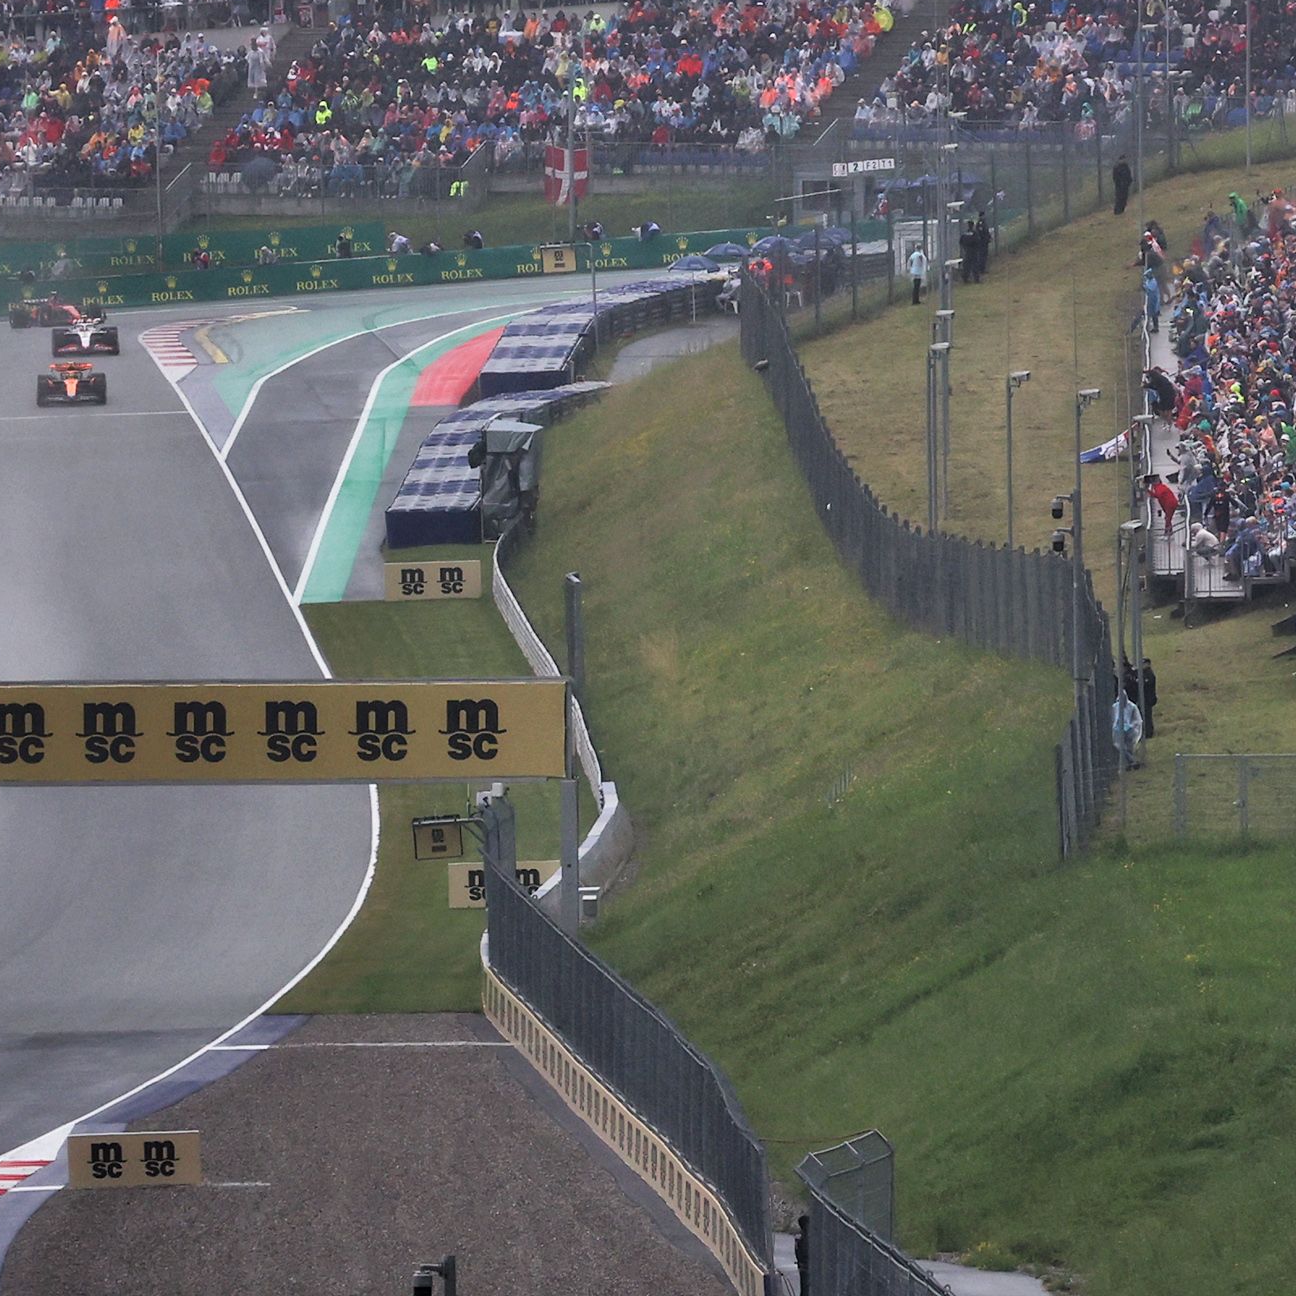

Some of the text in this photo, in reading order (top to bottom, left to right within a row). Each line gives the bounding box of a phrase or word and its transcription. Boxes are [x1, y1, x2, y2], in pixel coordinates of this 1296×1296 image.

[328, 242, 371, 253] REX
[111, 255, 154, 266] ROLEX
[184, 251, 225, 262] REX
[372, 272, 414, 284] ROLEX
[441, 268, 483, 280] ROLEX
[228, 285, 269, 296] ROLEX
[296, 279, 339, 291] ROLEX
[152, 291, 193, 302] ROLEX
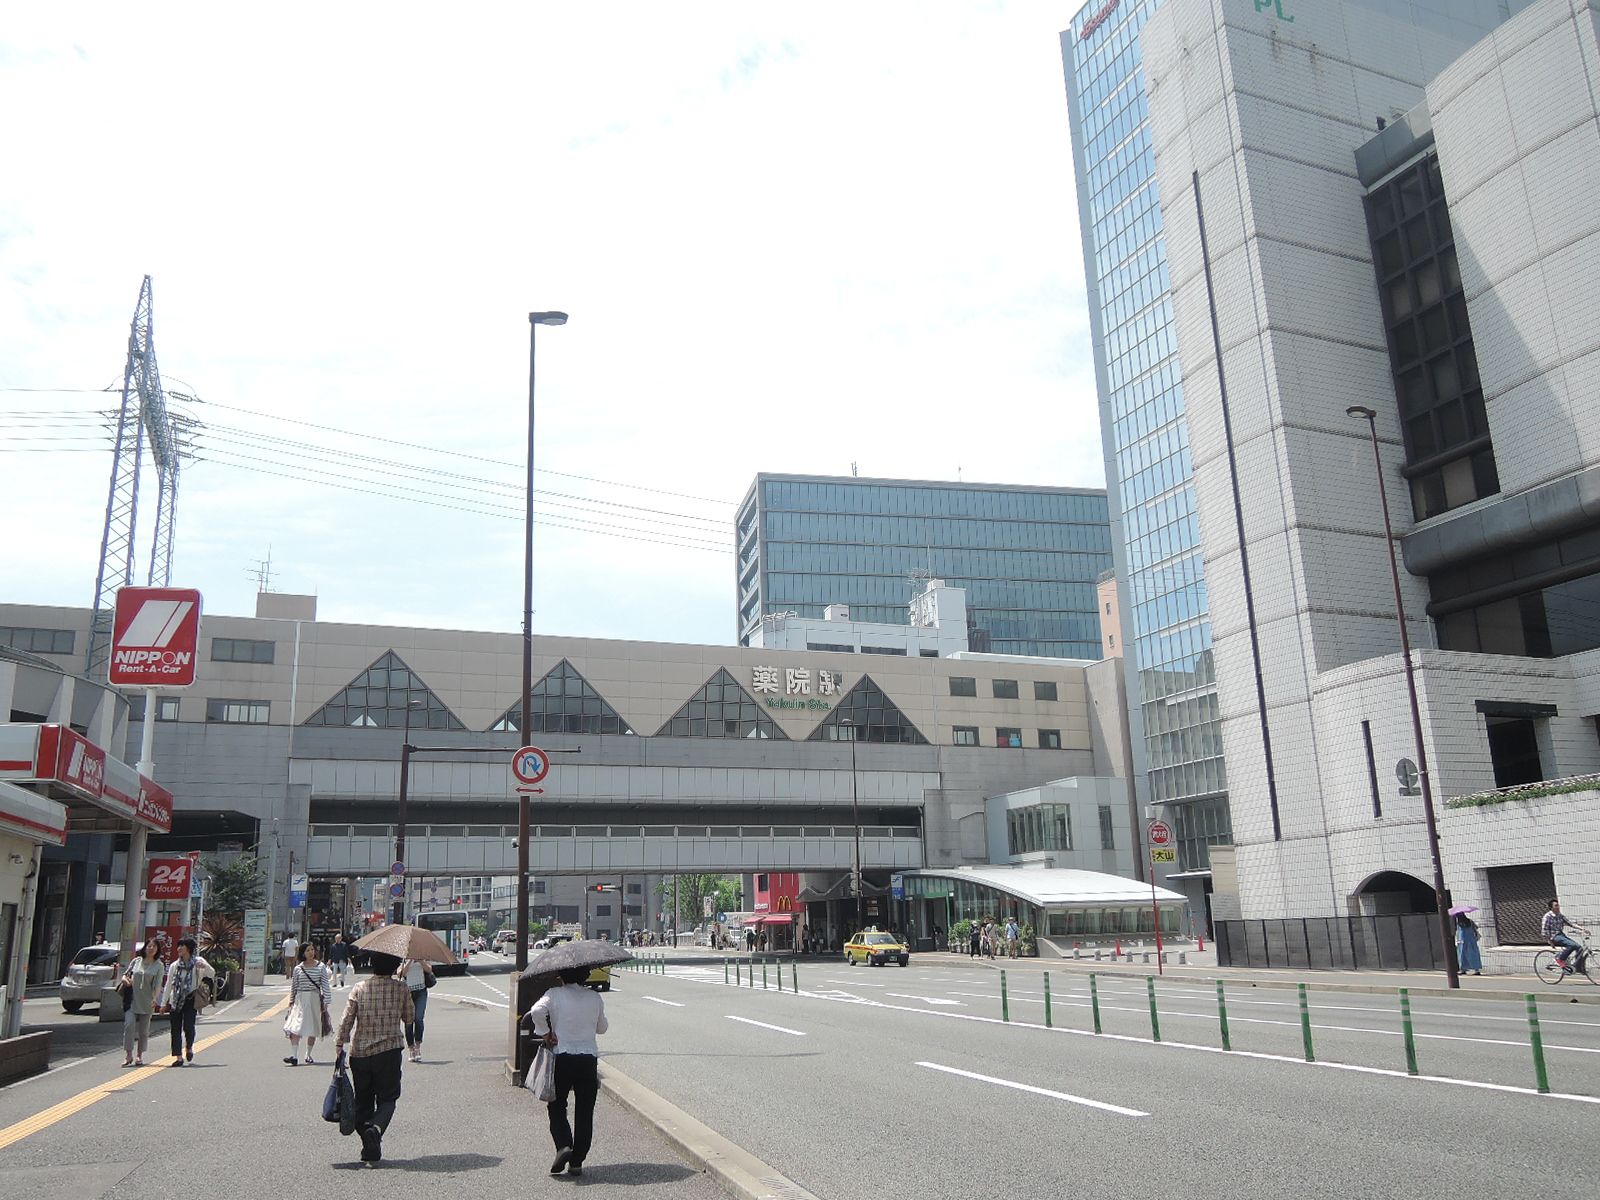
● ● ● ●
#### Work required:
Would it be possible to copy the material exactly, excluding the images?

#### Solution to this exercise:
Some of the text in this photo, in reading order (top to bottom, left to right within a row). Each line gives the bounding box of a phrase or word and its transcription. Boxes are [x1, y1, x2, y2], in pixel coordinates of this 1296×1296 image.

[328, 242, 371, 253] REX
[111, 255, 154, 266] ROLEX
[184, 251, 225, 262] REX
[372, 272, 414, 284] ROLEX
[441, 268, 483, 280] ROLEX
[228, 285, 269, 296] ROLEX
[296, 279, 339, 291] ROLEX
[152, 291, 193, 302] ROLEX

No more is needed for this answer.